According to the HIPAA Security Rule, “the technology and the policies and procedures for its usage that protect the electronic health information and control the access to it” defines “technical safeguards.”

In other words, they are the specific technical safeguards that must be in place to secure personally identifiable health information (PHI).

This covers the way the PHI is stored, its location, the manner in which it is accessed and shared, and authentication and encryption procedures, among other things. Use an industry-grade encryption technique to ensure that all protected health information (PHI) is securely encrypted at rest and while in transit.

This is a requirement to ensure that you have the essential safeguards. In addition, the implementation of procedures to restrict access to the decryption keys to only those authorized to do so is also included. Even if an adversary can access the data, they cannot read it due to the robust data encryption that has been implemented.

Establish the required access controls to prevent unauthorized access to protected health information (PHI). When accessing and sharing sensitive patient data, this includes associating a one-of-a-kind ID with every user and mandating the use of multi-factor authentication.

Implement auditing capabilities that comply with the requirements provided by the National Institute of Standards and Technology (NIST). This ensures that you have a detailed and tamper-proof audit trail of all events relating to how PHI is accessed and shared and any other relevant activities that take place within your IT environment. Additionally, this brings about race of mind that your audit trail cannot be altered.

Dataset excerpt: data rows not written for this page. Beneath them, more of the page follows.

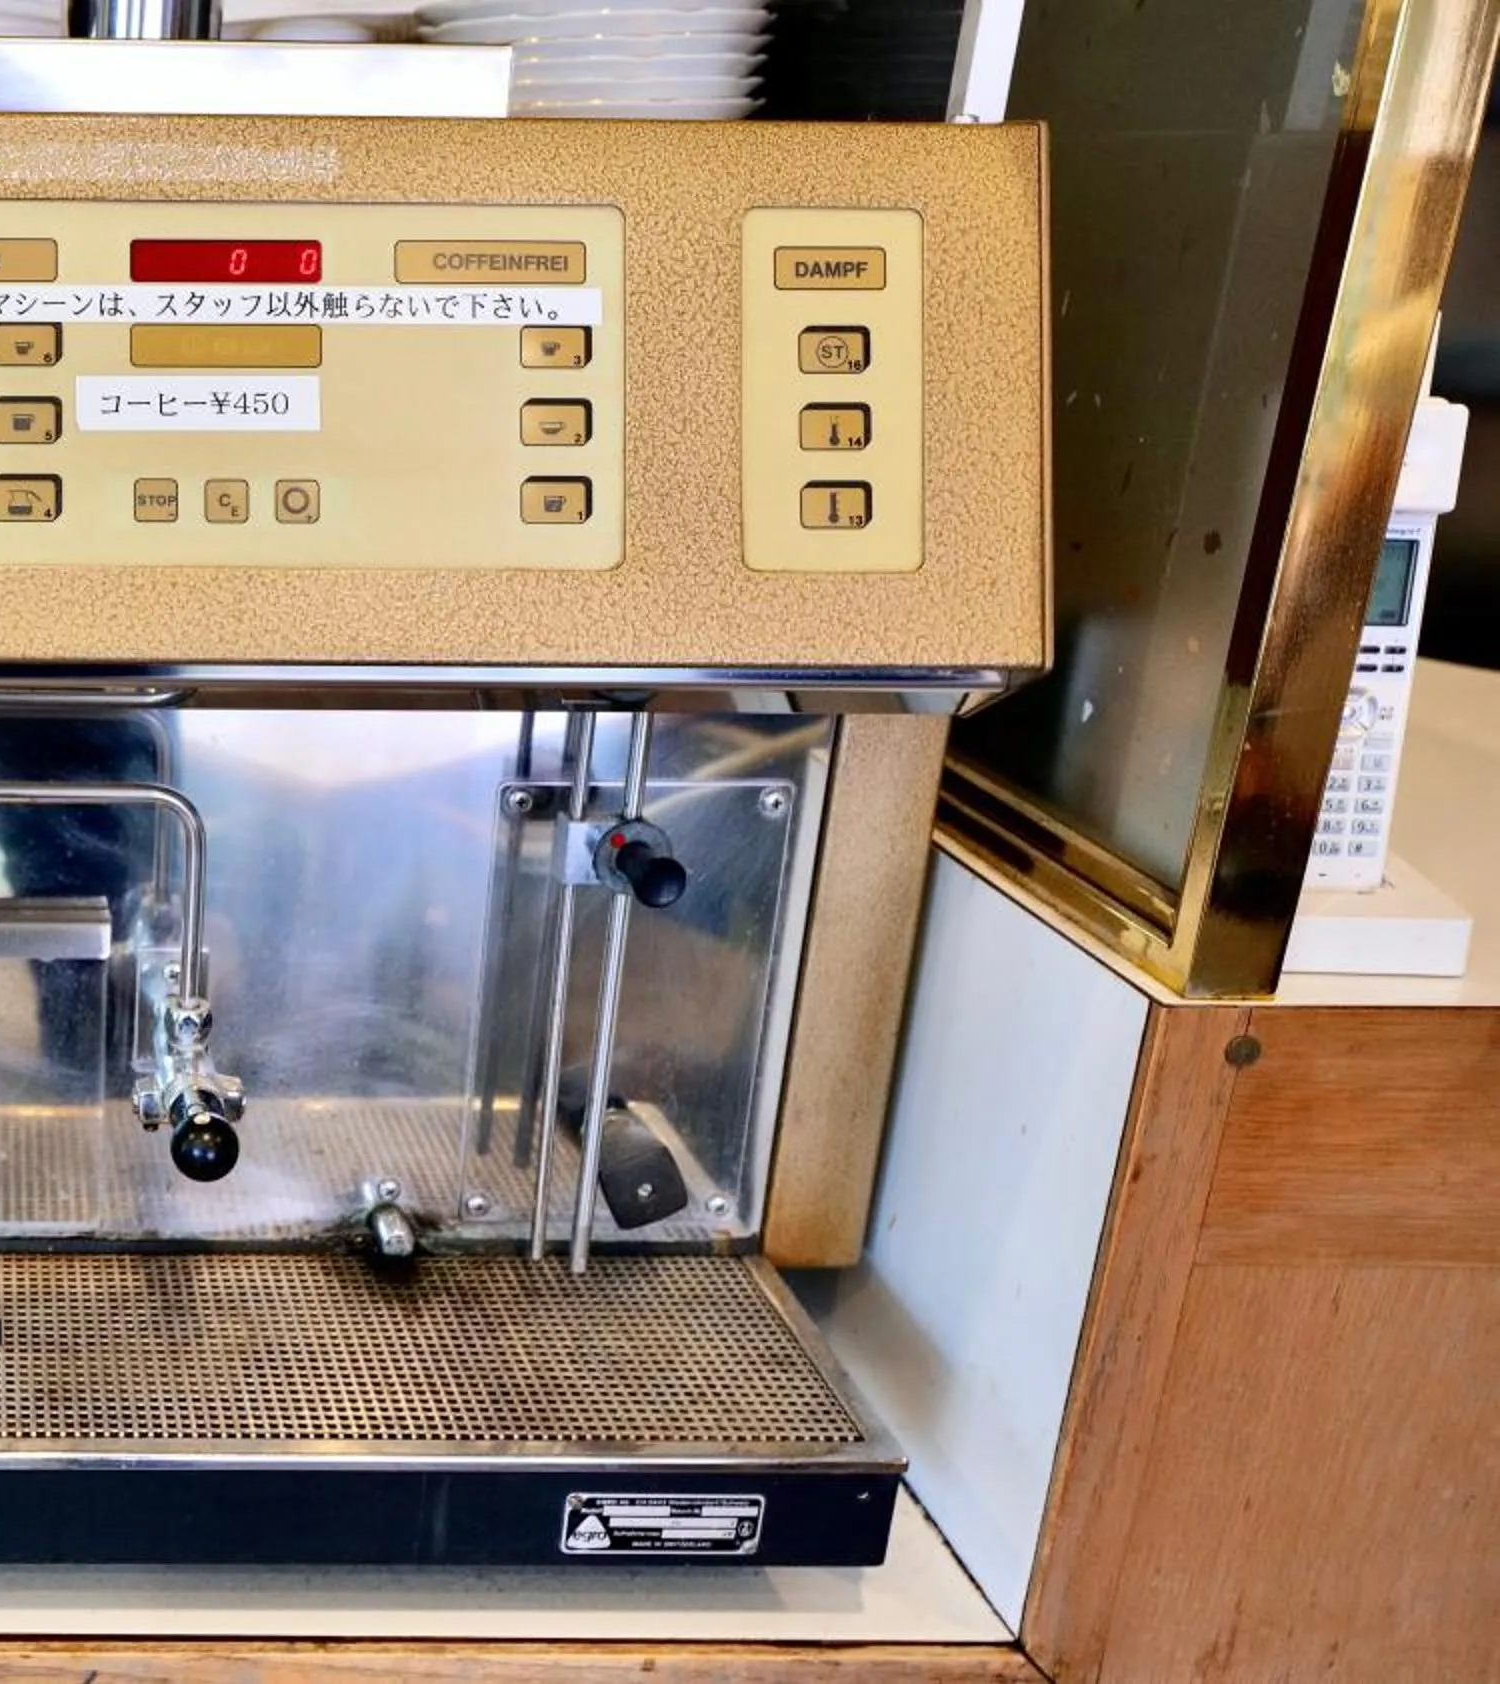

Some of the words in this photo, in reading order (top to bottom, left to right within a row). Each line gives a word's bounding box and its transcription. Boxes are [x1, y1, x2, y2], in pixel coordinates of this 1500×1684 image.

[229, 248, 247, 275] 0
[299, 248, 318, 275] 0
[432, 252, 569, 271] COFFEINFREI
[794, 261, 869, 279] DAMPF
[820, 344, 845, 359] ST
[44, 429, 52, 441] 5
[847, 436, 862, 447] 14
[137, 494, 177, 507] STOP
[43, 507, 53, 518] 4
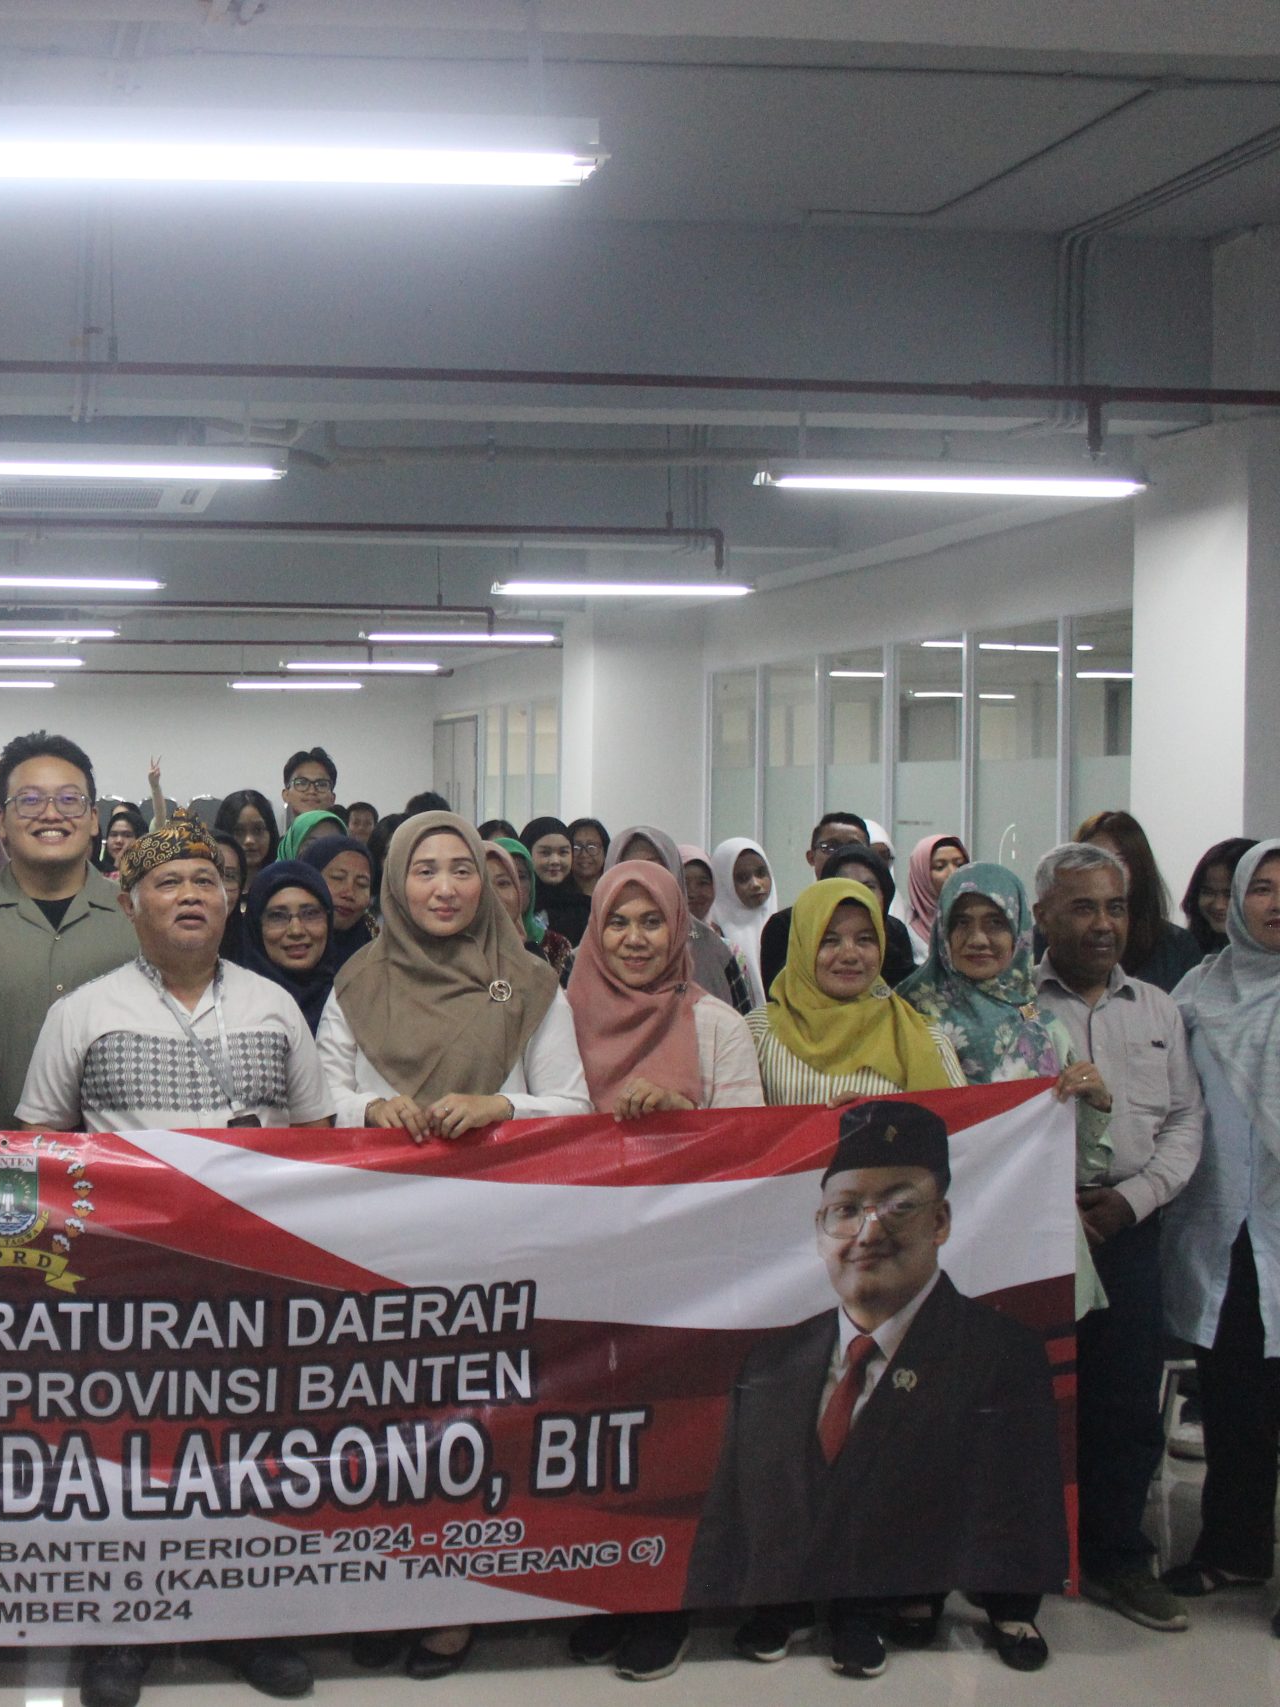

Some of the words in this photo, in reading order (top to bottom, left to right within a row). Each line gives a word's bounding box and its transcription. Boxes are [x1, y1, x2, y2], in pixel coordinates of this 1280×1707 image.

Protect the confidentiality of all PHI by ensuring that it is not misused in any way, particularly by preventing information from being altered or disposed of without the appropriate authority.


For your server environment to be compliant with HIPAA server regulations, you are required to have a firewall that is completely deployed.

Because web applications present their unique challenges and have become such a frequent target for intrusions, server environments typically have a combination of perimeter and server-side firewalls as well as solutions specifically designed for web applications. This is because web applications have become such a frequent target for attacks.